**RECORDS FOR THIS TASK**

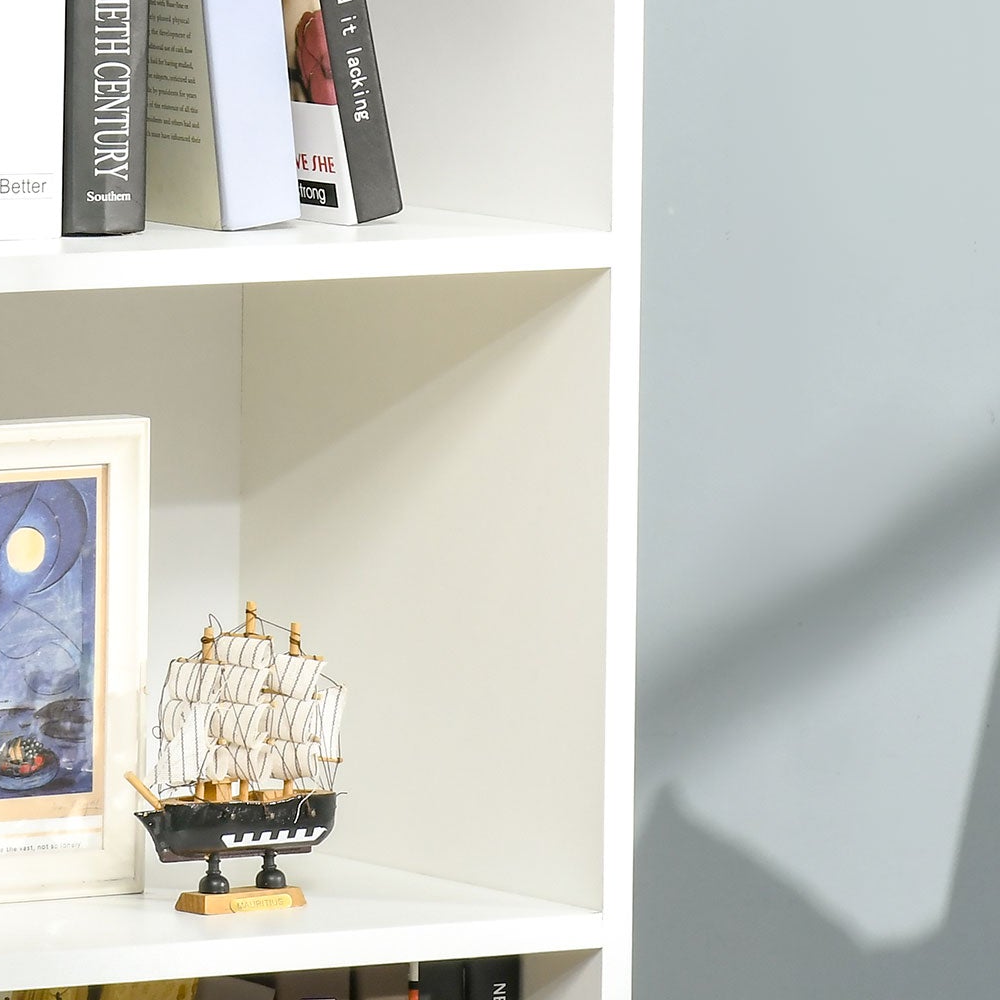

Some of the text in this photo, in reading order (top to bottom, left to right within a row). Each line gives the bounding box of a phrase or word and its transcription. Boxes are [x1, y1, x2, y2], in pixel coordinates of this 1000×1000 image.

[341, 15, 357, 36] it
[346, 47, 371, 122] lacking
[94, 62, 131, 181] CENTURY
[312, 155, 336, 174] SHE
[0, 178, 47, 195] Better
[87, 190, 131, 202] Southern
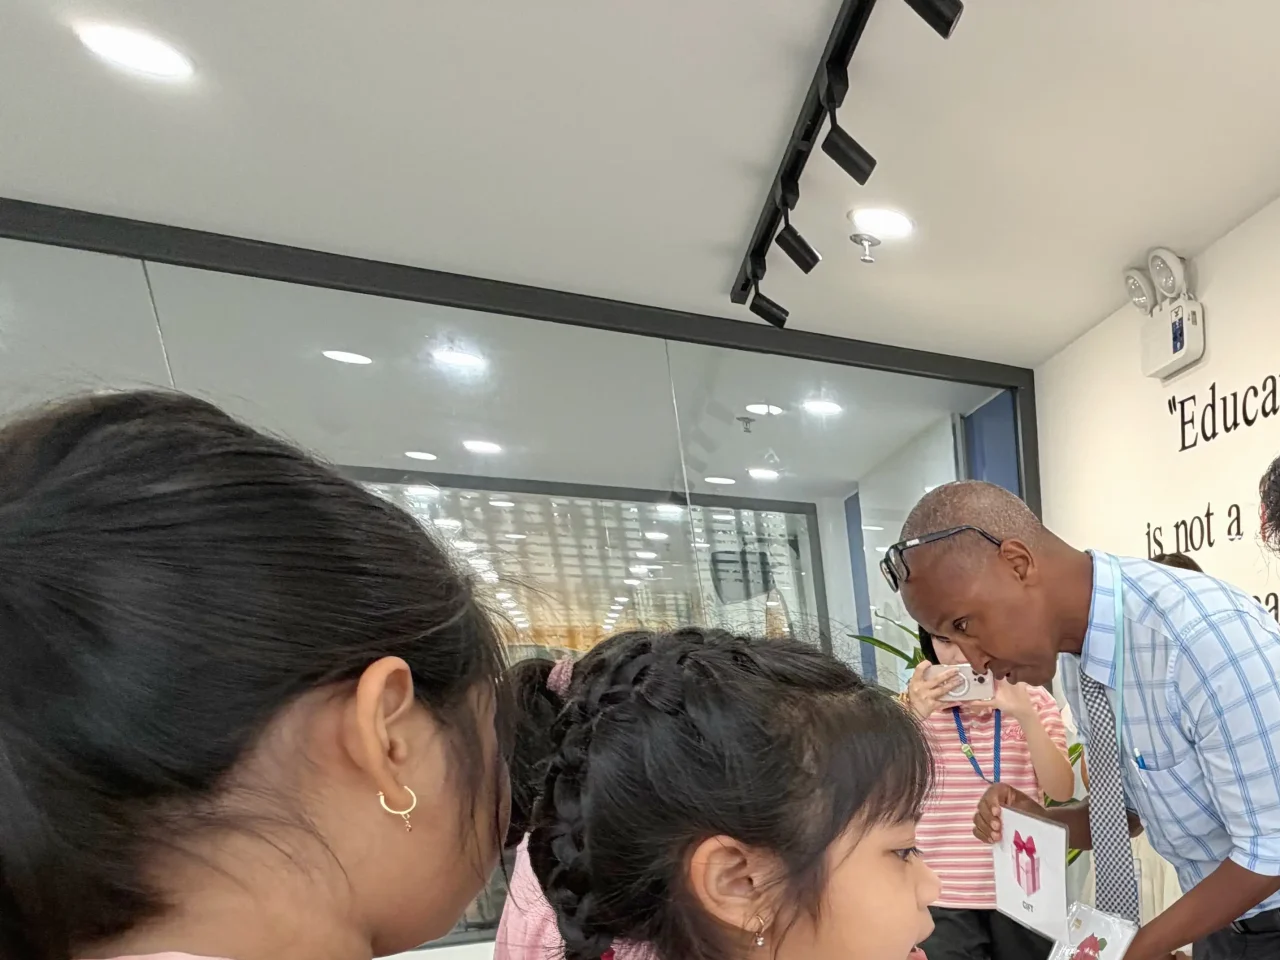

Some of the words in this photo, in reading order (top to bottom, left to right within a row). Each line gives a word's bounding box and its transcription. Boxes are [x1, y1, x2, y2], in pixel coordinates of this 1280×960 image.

[1145, 522, 1164, 560] is
[1173, 501, 1215, 554] not
[1227, 503, 1244, 541] a
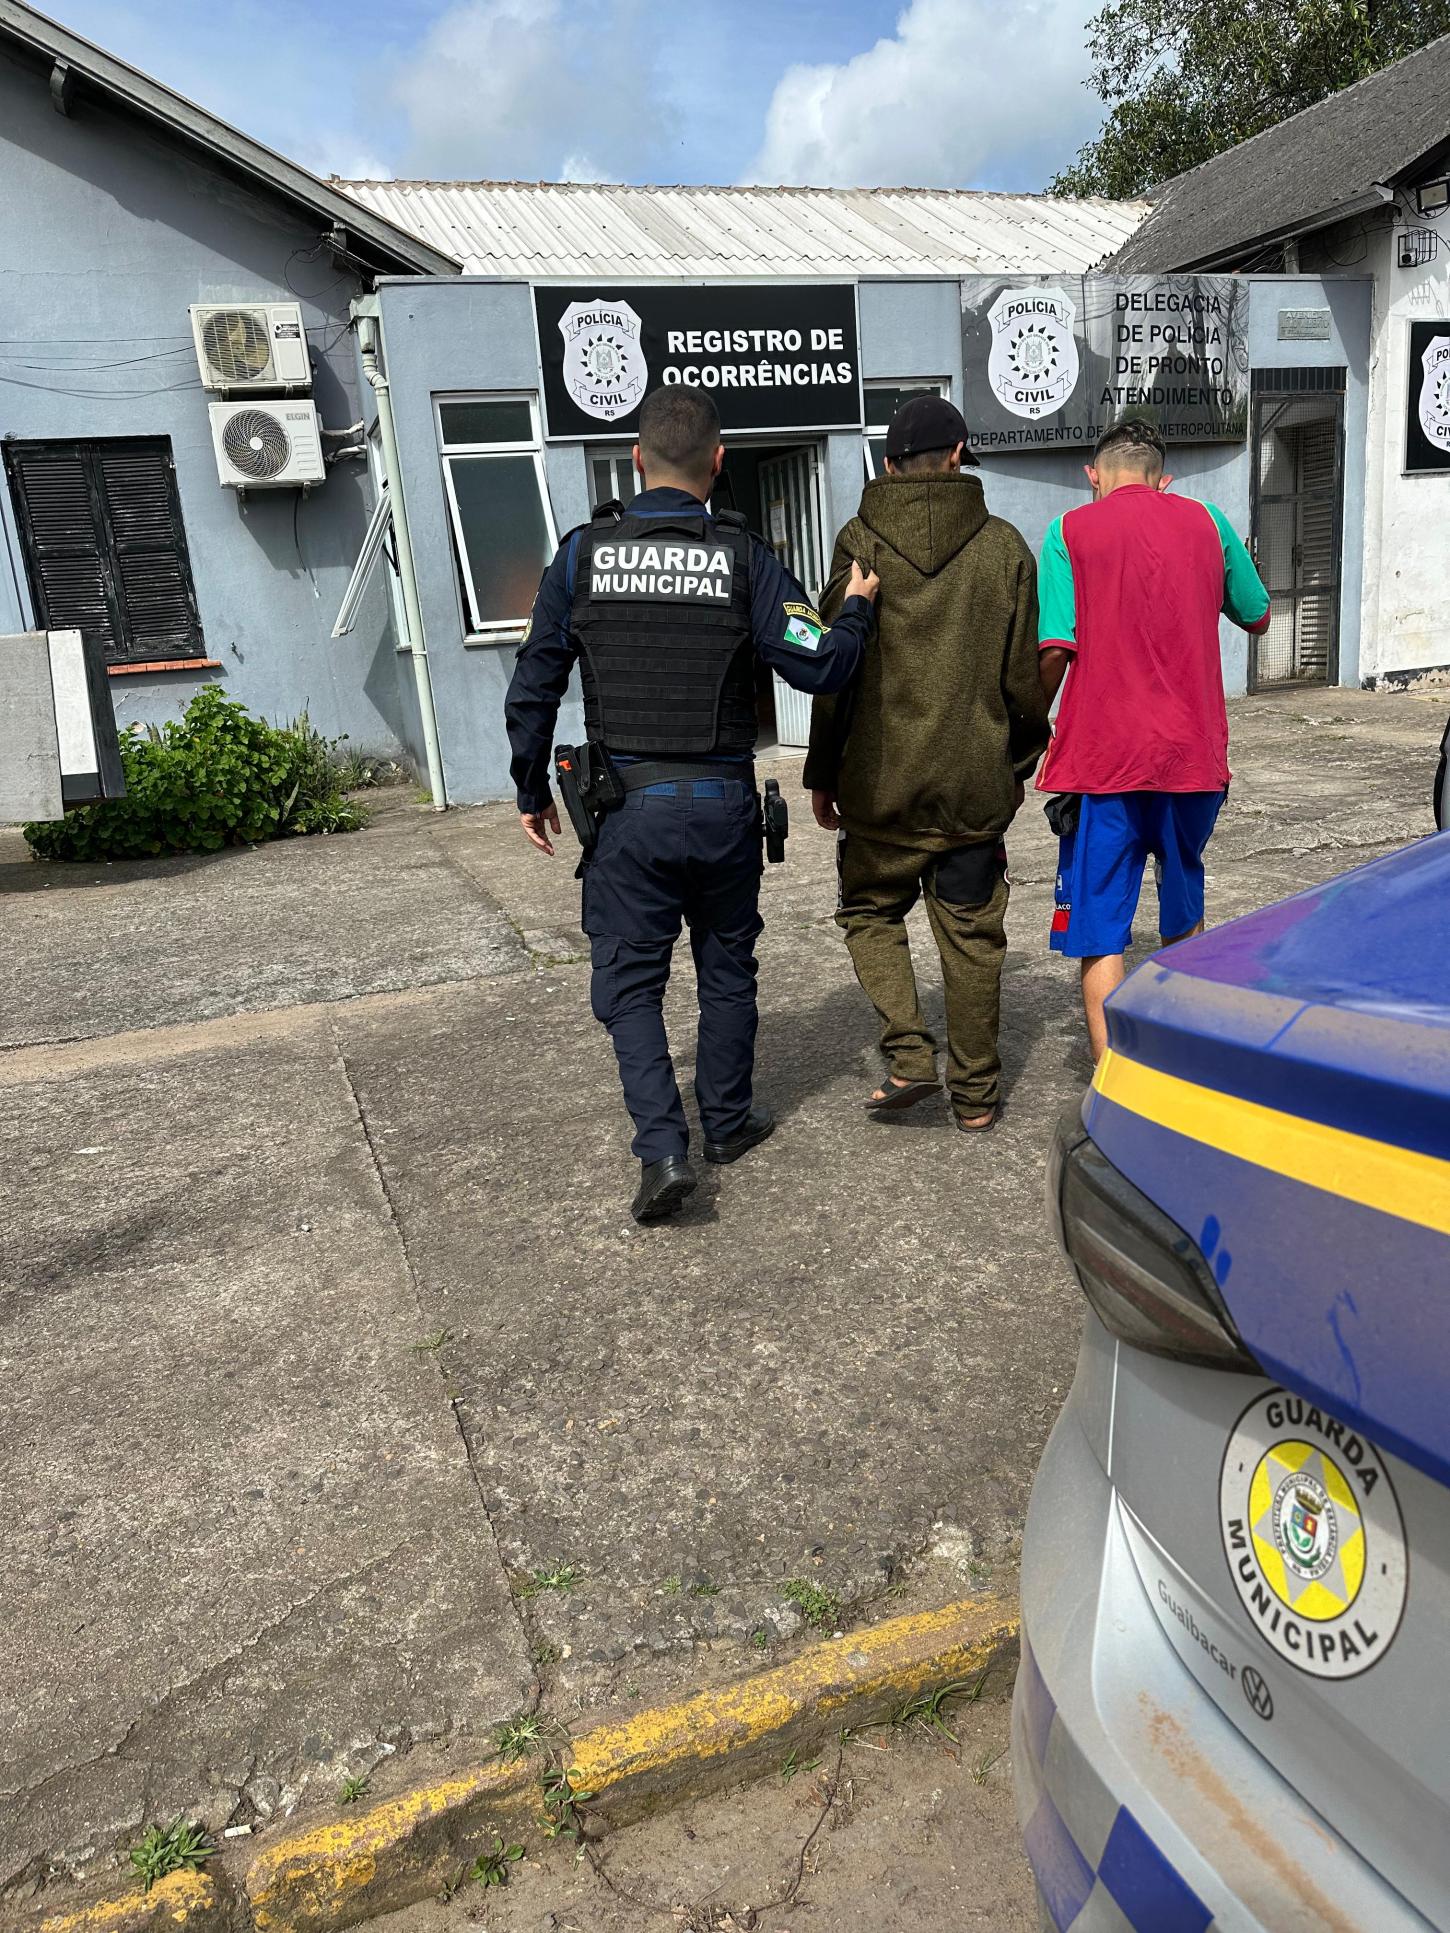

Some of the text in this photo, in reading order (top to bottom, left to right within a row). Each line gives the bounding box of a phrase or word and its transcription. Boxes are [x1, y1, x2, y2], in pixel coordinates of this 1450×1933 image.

[1008, 298, 1057, 318] POLÍCIA
[1116, 293, 1221, 314] DELEGACIA
[577, 311, 623, 328] POLÍCIA
[667, 328, 844, 353] REGISTRO DE
[1117, 321, 1221, 345] DE POLÍCIA
[662, 360, 852, 388] OCORRÊNCIAS
[1116, 356, 1223, 375] DE PRONTO
[590, 393, 627, 406] CIVIL
[1014, 390, 1055, 403] CIVIL
[1100, 387, 1232, 406] ATENDIMENTO
[286, 413, 310, 421] ELGIN
[1029, 407, 1041, 415] RS
[970, 426, 1082, 447] DEPARTAMENTO
[1158, 422, 1244, 437] METROPOLITANA
[593, 546, 730, 575] GUARDA
[592, 574, 729, 599] MUNICIPAL
[1266, 1398, 1379, 1496] GUARDA
[1228, 1519, 1379, 1663] MUNICIPAL
[1157, 1579, 1237, 1681] Guaibacar

**EXERCISE DETAILS**
Reproduce the whole listing above character for character; pictures do not belong in it.

**RESPONSE FOR THIS EXERCISE**
Some of the text in this photo, in reading order (top to bottom, left to right within a row). Each line gives the bounding box of a phrase or word and its transcription. Boxes are [x1, y1, x2, y2], in pixel coordinates of this 1000×1000 image.

[341, 15, 357, 36] it
[346, 47, 371, 122] lacking
[94, 62, 131, 181] CENTURY
[312, 155, 336, 174] SHE
[0, 178, 47, 195] Better
[87, 190, 131, 202] Southern

Some of the words in this photo, in reading order (top to bottom, left to right within a row). Each line gives a word's bounding box and its transcription. Boxes are [x1, y1, x2, y2], in pixel coordinates of this 1280×960 image.

[1145, 522, 1164, 560] is
[1173, 501, 1215, 554] not
[1227, 503, 1244, 541] a

Some of the text in this photo, in reading order (top to bottom, left to right within a row). Each line gives the bounding box of a phrase or word and its transcription. Boxes are [x1, y1, x2, y2], in pixel coordinates of this 1450×1933 image.

[1008, 298, 1057, 318] POLÍCIA
[1116, 293, 1221, 314] DELEGACIA
[577, 311, 623, 328] POLÍCIA
[667, 328, 844, 353] REGISTRO DE
[1117, 321, 1221, 345] DE POLÍCIA
[662, 360, 852, 388] OCORRÊNCIAS
[1116, 356, 1223, 375] DE PRONTO
[590, 393, 627, 406] CIVIL
[1014, 390, 1055, 403] CIVIL
[1100, 387, 1232, 406] ATENDIMENTO
[286, 413, 310, 421] ELGIN
[1029, 407, 1041, 415] RS
[970, 426, 1082, 447] DEPARTAMENTO
[1158, 422, 1244, 437] METROPOLITANA
[593, 546, 730, 575] GUARDA
[592, 574, 729, 599] MUNICIPAL
[1266, 1398, 1379, 1496] GUARDA
[1228, 1519, 1379, 1663] MUNICIPAL
[1157, 1579, 1237, 1681] Guaibacar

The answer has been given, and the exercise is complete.